Some women may not eat the entire day and binge during an evening meal. Researchers have recently named this the "Night-eating Syndrome." They found that abstinence from food during the day, especially by working women, instills such a hunger when they arrive home that they binge on high-density foods which interrupts their sleep and often leads to stomach distress. On the other hand, some women who refrain from meals during the working day often are too tired to prepare a meal in the evening and munch on low-nutritive foods that don't supply the nutrients and calories they need.
There is no doubt these days that physical activity is beneficial to one's health. While most women are aware of this, there are a few problems.
Many women often complain that they are too tired or don't have the time to exercise. Our convenience-based lifestyle also contributes to low levels of activity.
Conversely, there are many more women who think that more is better. Numerous women do copious amounts of aerobic exercise with the belief that more is better. In many instances, women overly increase their total daily energy deficit, lose precious muscle mass, and wonder why they stop losing weight and feel continually fatigued.
Women fear muscle. Most women these days fear muscle; they "don't want to get big." This is, of course, the most common fallacy I have experienced amongst the female populace. While this fear is partially founded in cultural and sociological influences, it also reveals a lack of realism. Women do not have the same levels of male hormone, the primary hormone that is required for increases in muscle size, and consequently will not gain excessive muscle mass.
Lifting weights historically has been associated with men and big muscles. Interestingly, after women tell me they don't want to get 'big' and they are asked if they want to get stronger, the answer is nearly always, "Yes." Women need to be educated on the benefits of weight training and the favorable changes it can have on the body and the mind. Gaining strength does not require having massive muscles.
Women want to "tone." Most women do not fully understand what that term means. Since they hear and see it used repeatedly in the media, they think that is what they should be doing: toning. However, most women have no definite conception of what the term means. The term 'toning' is erroneously applied to doing countless repetitions with a sub-maximal weight that does not incrementally challenge the muscle. The weight must be progressively increased for muscles to change and get stronger. Increasing the resistance the muscle must move increases strength or muscle mass.
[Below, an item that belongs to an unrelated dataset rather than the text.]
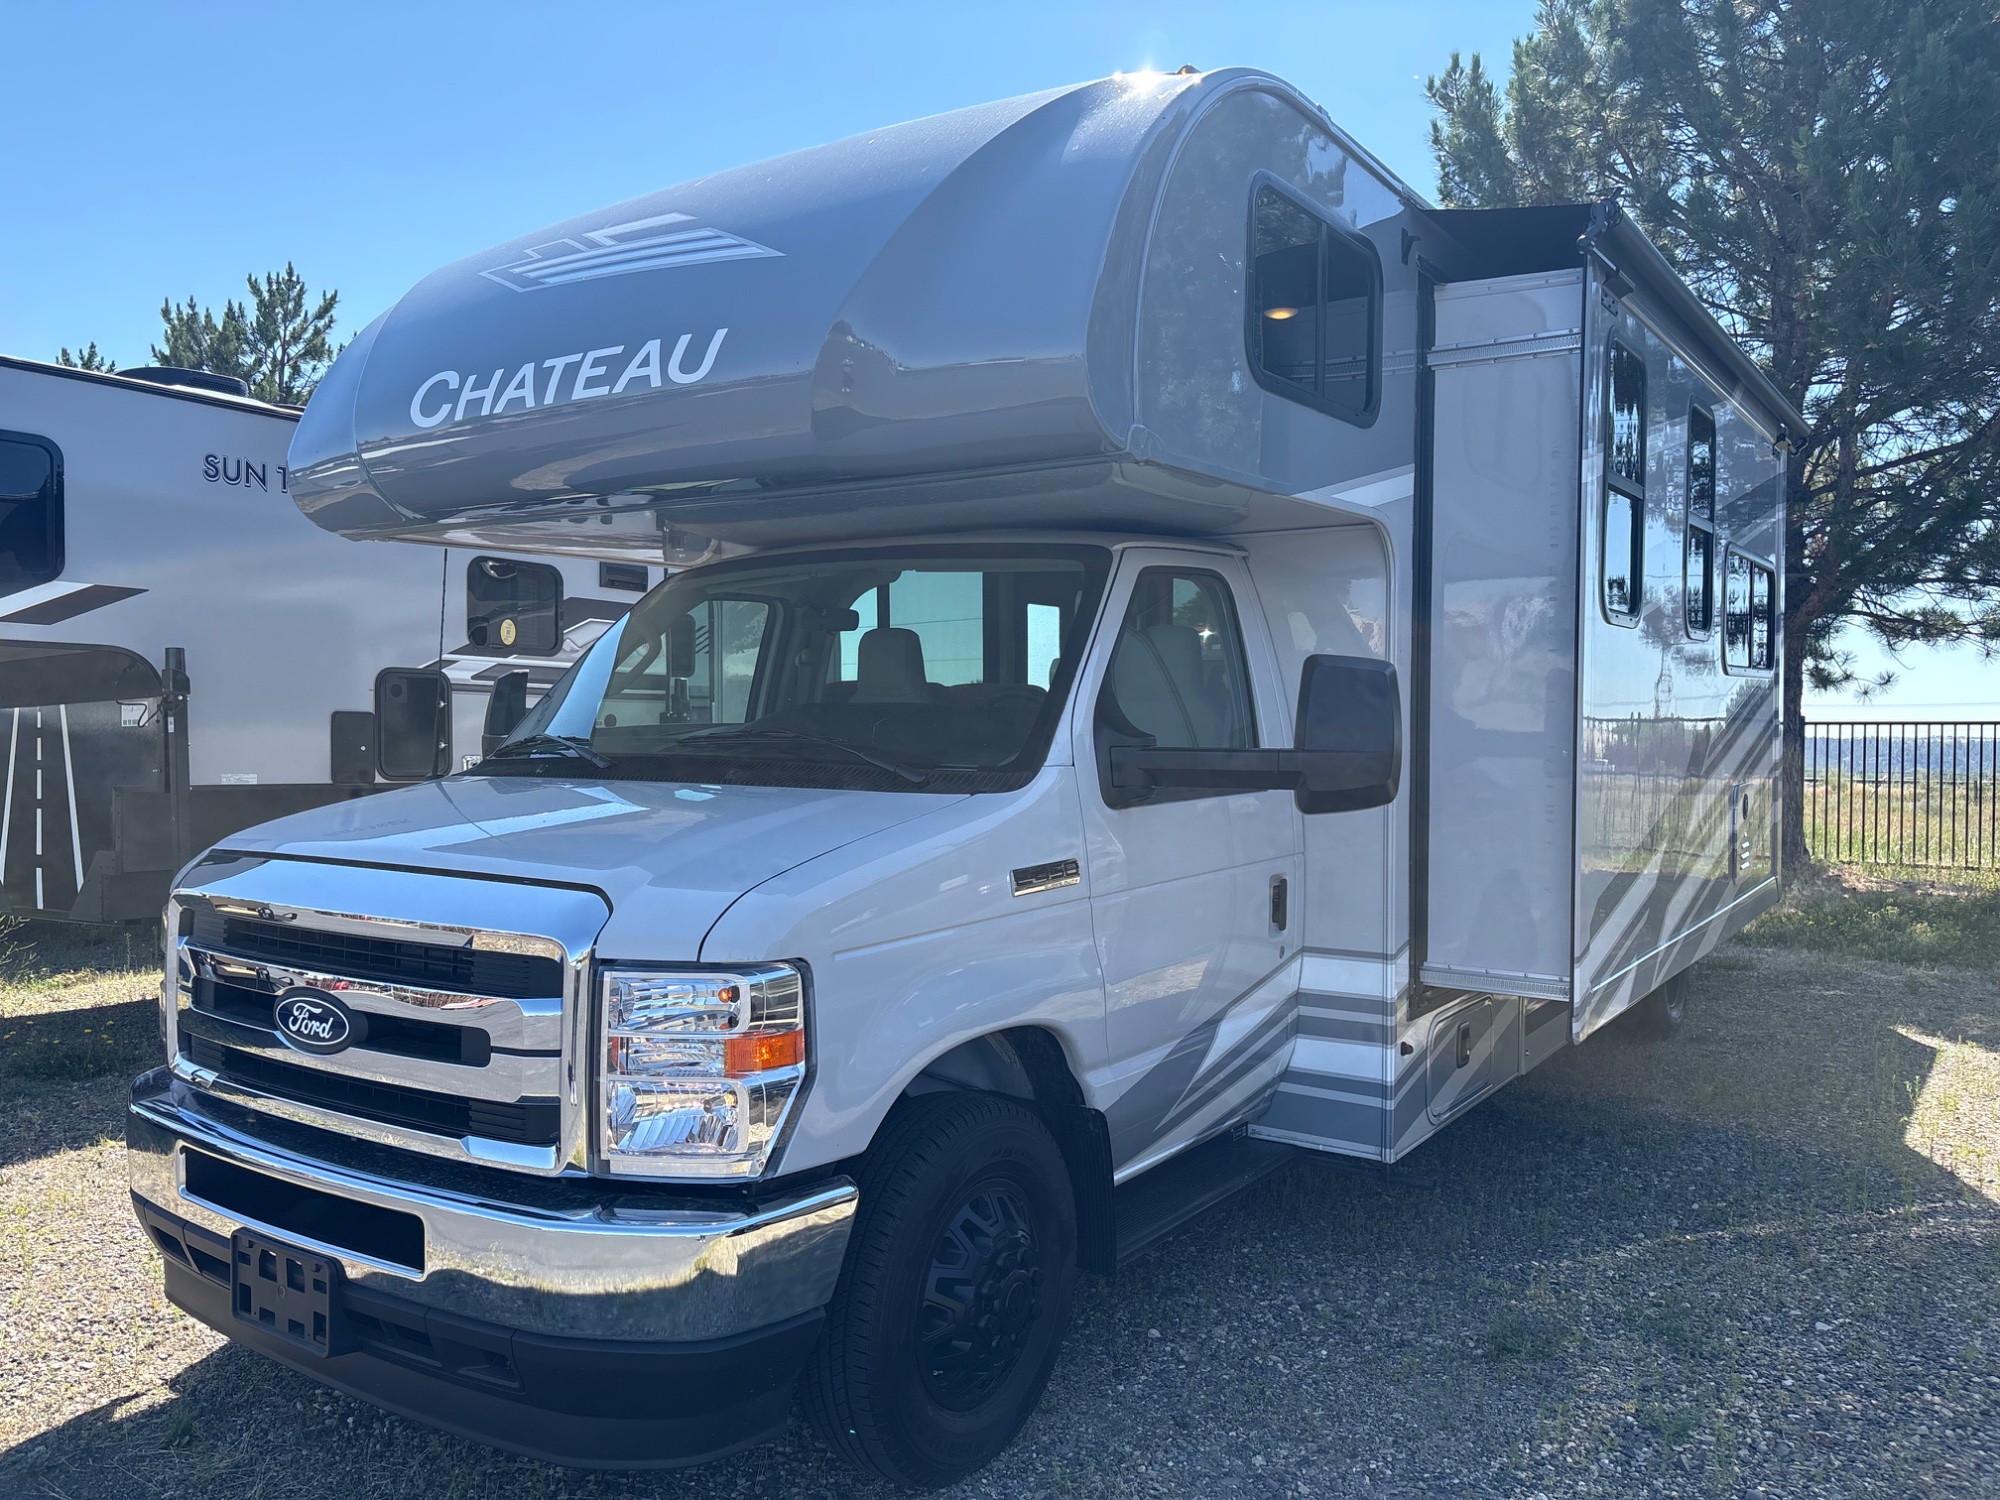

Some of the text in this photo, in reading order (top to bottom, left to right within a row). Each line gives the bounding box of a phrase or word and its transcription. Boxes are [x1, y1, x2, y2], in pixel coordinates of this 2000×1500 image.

Many individuals think that circuit-training machines are all that is necessary for weight training. While they have their place for beginners and individuals with physical limitations, most of the machines do not provide compression loading for increasing bone mineral density, which is important for reducing the risk of osteoporosis. Nor do they incorporate instability to increase a person's balance and stability, which is required in most daily activities and sports performance.
Because the free weights are associated with men, many women are unfortunately too intimidated to venture into the free weight area and use free weights. Many men respect the desire and commitment of women who weight train and are generally helpful in imparting advice on exercises.
Sadly, many of these fallacies originate and are perpetuated by the general media. The television and general fitness and health magazines are filled with misinformation and advertisements for gadgets that appeal to a woman's sense of worth and self-image. Diet and exercise books abound that misrepresent research and recommend doing ineffective exercise programs. As well, women don't realize how strong they are and how strong they can be.
It's time for women to break the mold and challenge themselves. This can be accomplished by adopting a sensible program of nutrition and exercise. Favorable changes will appear after a few weeks, but a longtime commitment will insure a healthy and pleasant life.